Não há criança no subúrbio carioca que falhe em reconhecer essa misteriosa figura. Um festeiro mascarado, com trajes bufantes de cetim, tênis da moda e uma inconfundível bexiga — outrora de porco, hoje de borracha — quicando a cada passada. O Bate-Bola é rei do carnaval da periferia. Distorção da figura do clown, o "Clóvis", como também é conhecido, alimenta esse imaginário do palhaço com fascínio e medo. E o que aconteceria, então, se o Coringa, o palhaço psicopata mais famoso das HQs, fosse um Bate-Bola? É essa história que o Colecionador de Sacis apresenta.

Baile de Máscaras

Não havia mais riso, muito menos alegria. Havia um choro, sim, e ele podia escutar os soluços enquanto a cabeça volteava e os olhos se acostumavam com o escuro. Onde estava a multidão? A última coisa de que se lembrava era do esquenta para o bailinho na Zona Sul. Carnaval, um gole, outro, lantejoula, o colarinho da camisa aberta, um sorriso, mais um gole e então... Então aquilo.

Tentou se levantar, mas as pernas não responderam. Sentia na pele o papel do confete grudado, o cheiro da bebida evaporando. Quis tirar os cabelos suados dos olhos e só então percebeu que as mãos estavam presas. Amarradas? Forçou o braço novamente, gemendo ante o solavanco inútil. O baque metálico da cadeira contra o concreto ecoou pelo lugar, marcando o fim daquele pranto sofrido.
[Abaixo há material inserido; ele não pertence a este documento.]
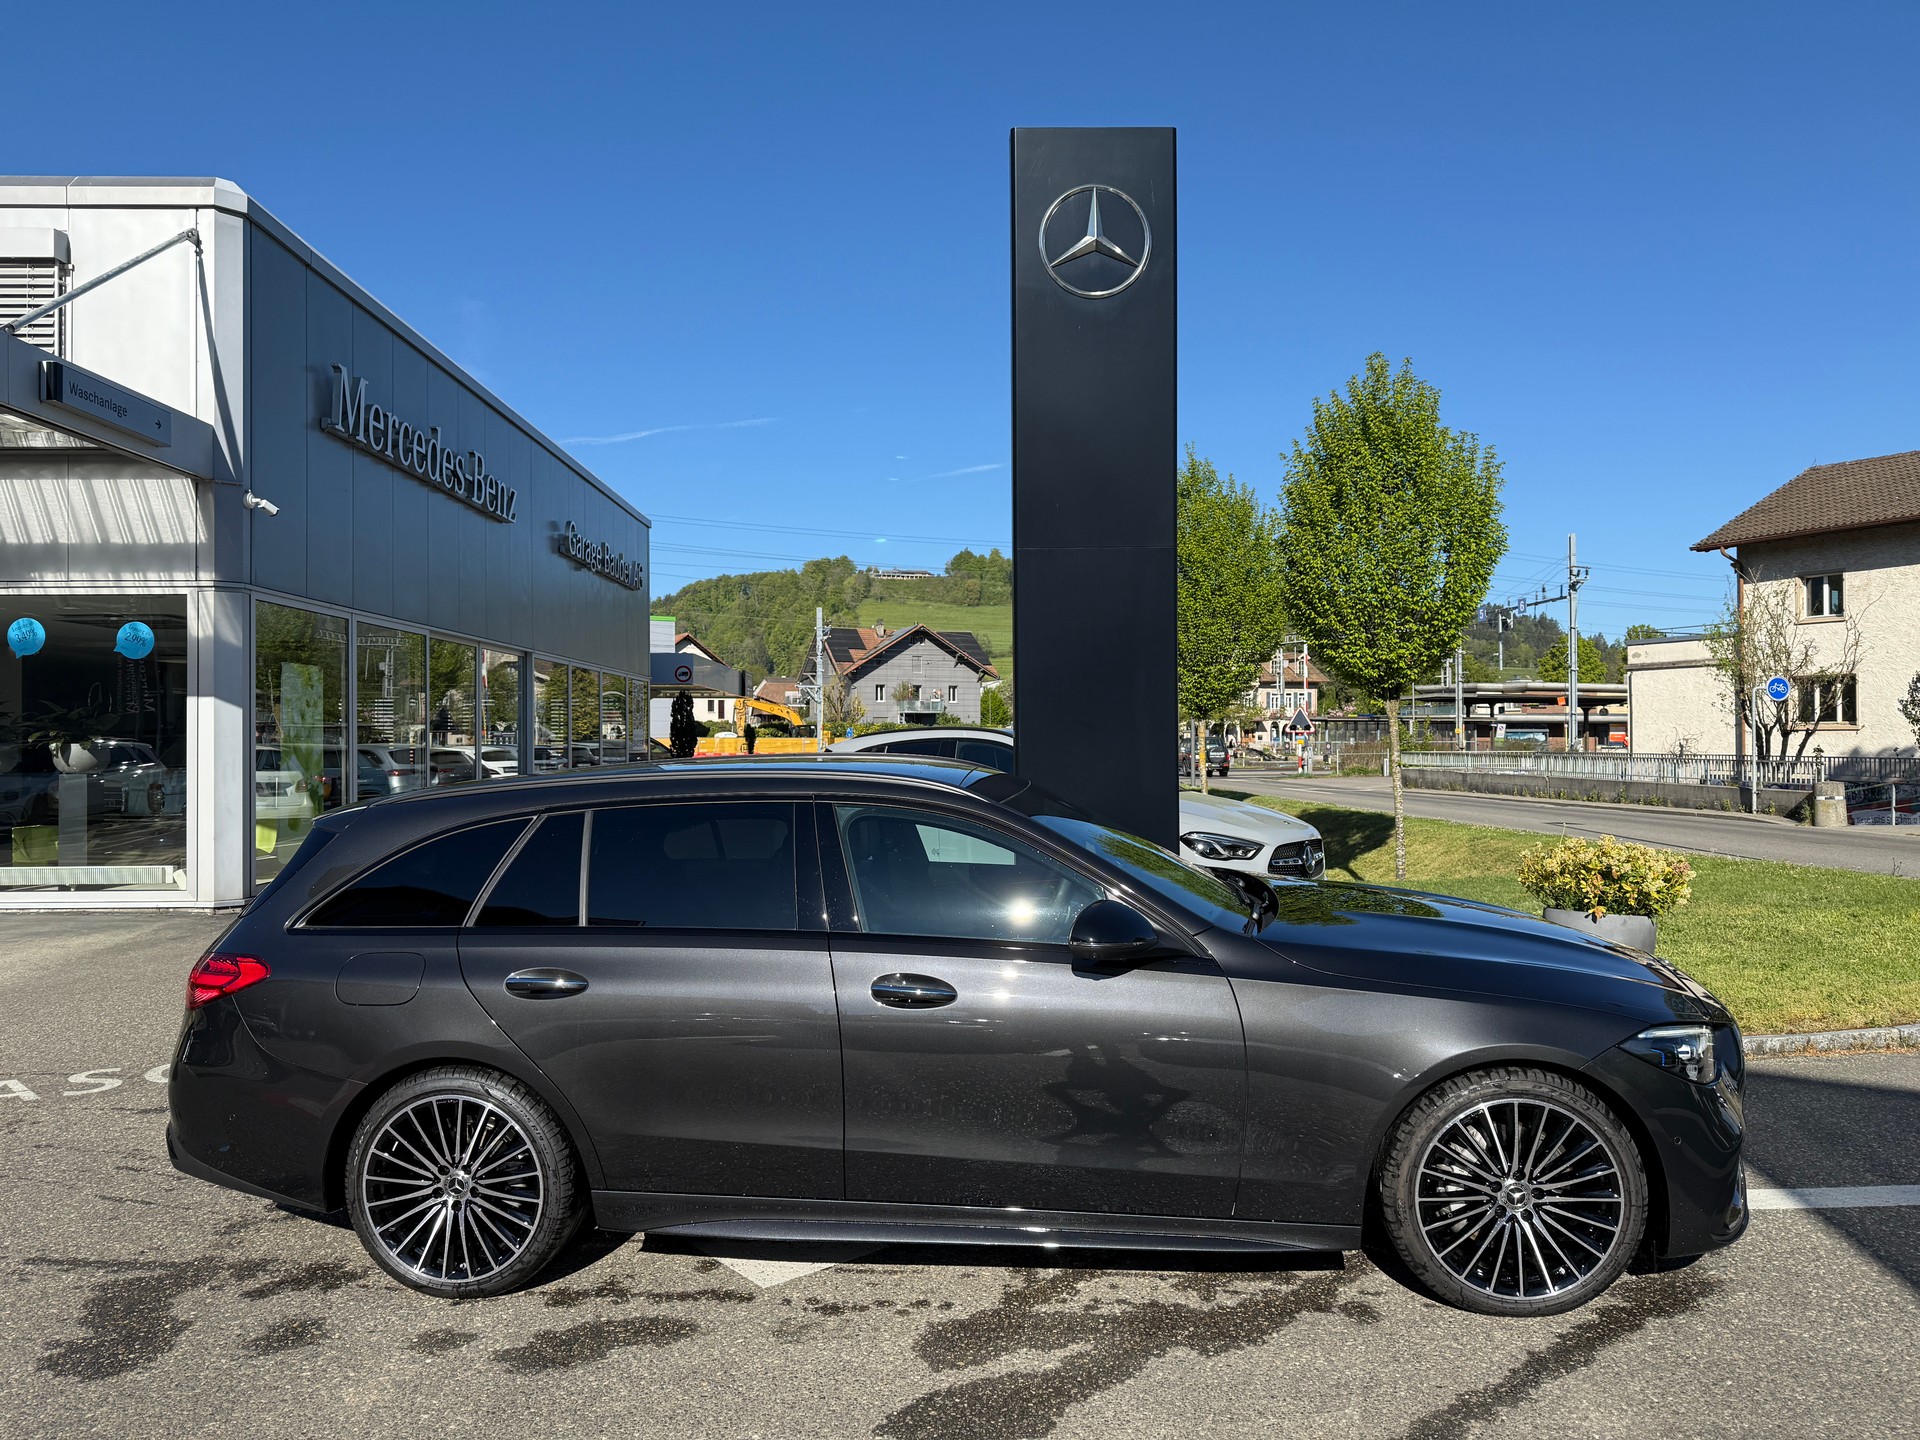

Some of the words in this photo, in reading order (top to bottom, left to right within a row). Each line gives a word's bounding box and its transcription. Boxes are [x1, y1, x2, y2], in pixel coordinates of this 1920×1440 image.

[69, 380, 128, 418] Waschanlage
[331, 363, 518, 524] Mercedes-Benz
[567, 520, 602, 573] Garage
[604, 542, 632, 585] Bauder
[14, 627, 38, 644] 3.49%
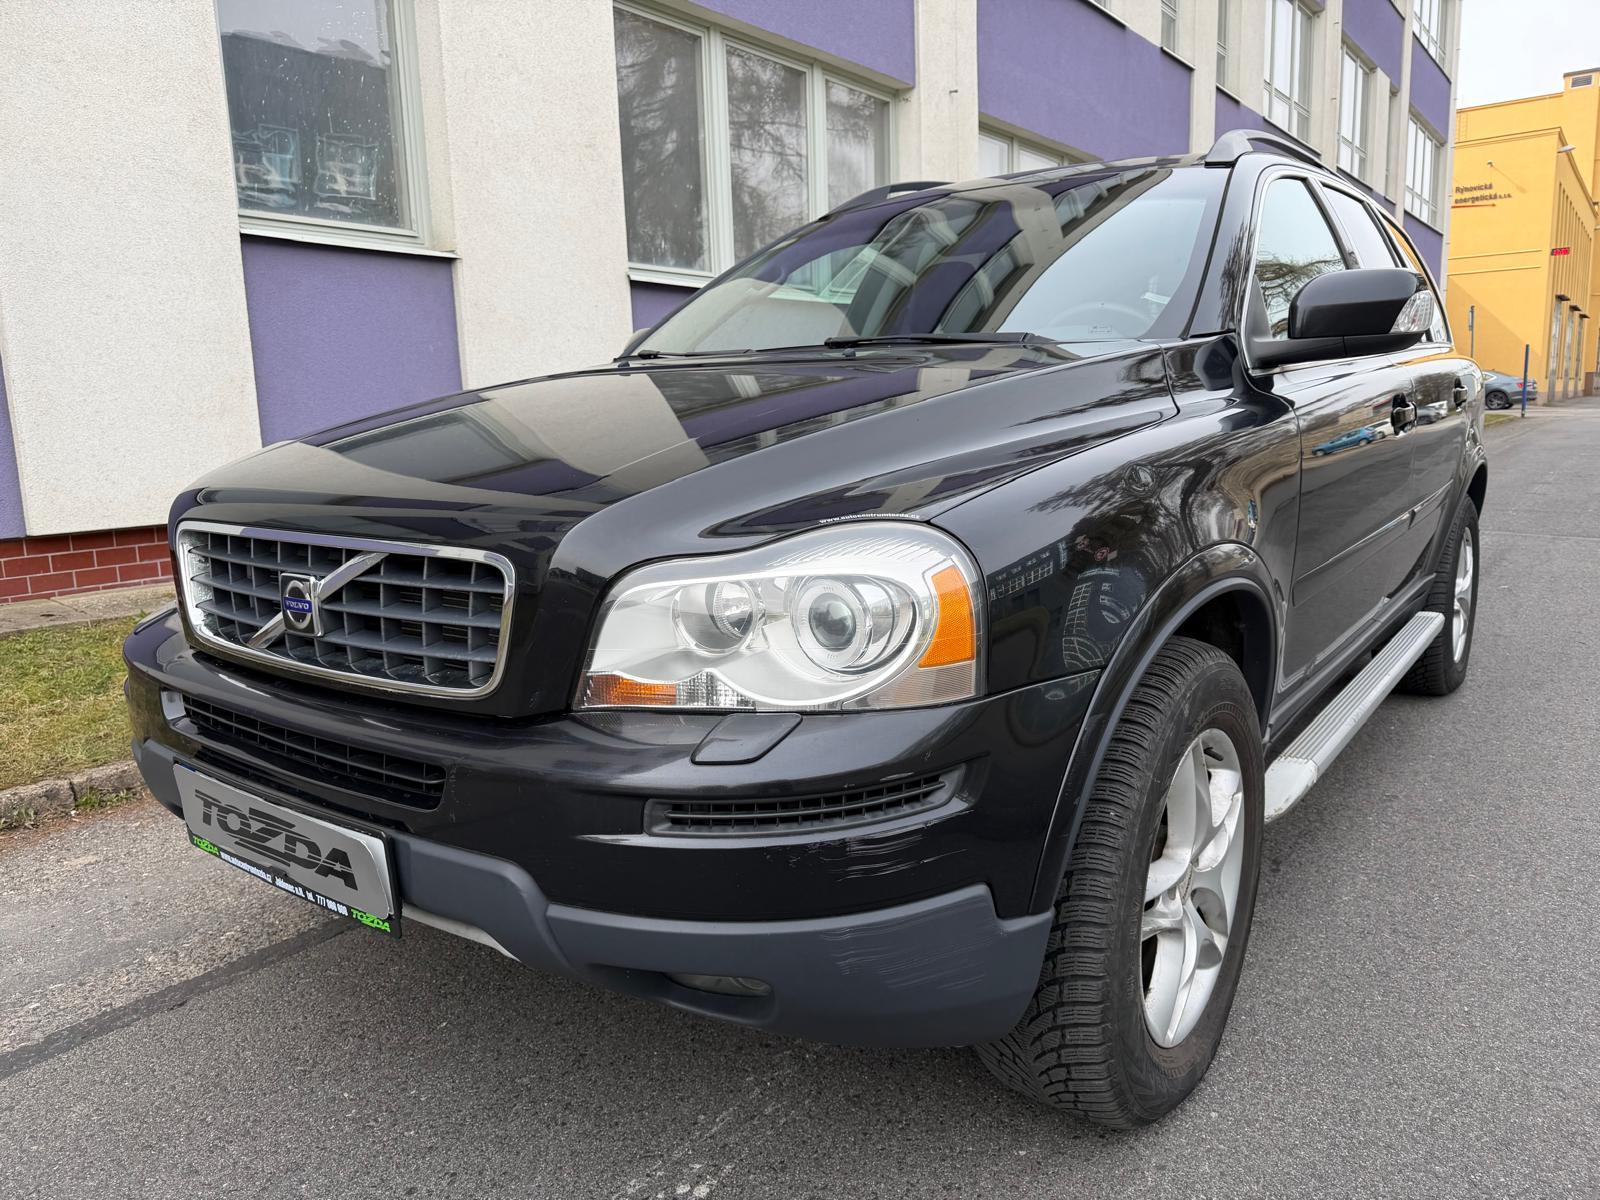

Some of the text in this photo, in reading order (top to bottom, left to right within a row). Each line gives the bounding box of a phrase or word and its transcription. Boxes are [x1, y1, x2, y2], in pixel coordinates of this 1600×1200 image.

[286, 600, 309, 610] VOLVO
[192, 836, 220, 856] TOZDA
[194, 788, 359, 891] TOZDA
[350, 908, 391, 933] TOZDA
— Você acordou! Que bom, que bom, que bom!

A voz era de uma arlequina que se revelou com um meio salto, vinda direto de suas costas. Thales estremeceu enquanto ela deslizava até uma cadeira disposta bem à sua frente.

— Socorro.  -  pediu, timidamente.  — Eu... Eu preciso sair daqui!

Ela cruzou as pernas e pousou as mãos sobre o colo como numa aula de etiqueta. Fingiu limpar a pintura escorrida de seus olhos antes de continuar; encenando para uma plateia invisível.

— Oh, querido... Estava tão preocupada com a sua soneca! Achei que não ia dar tempo, mas você se saiu muito bem!

— Moça...

— Vamos começar!

Bateu duas palmas curtas, daquelas só com a ponta dos dedos, e um facho de luz iluminou o espaço. Thales virou a rosto, fugindo do brilho. Quando tornou a abrir os olhos, notou uma câmera montada num trilho eletrônico bem à sua frente. Acima da lente, um leterring vermelho informava: Ao vivo.

— Mas que mer...

A moça abriu seu melhor sorriso e começou o programa com um beijo carinhoso ao seu fandom. Naquela noite, ela informou, o programa seria ainda mais interativo graças a participação de um convidado mais do que especial. Thales escutou uma claque metálica, com palmas e uivos de alegria, enquanto a câmera focava seu rosto desesperado.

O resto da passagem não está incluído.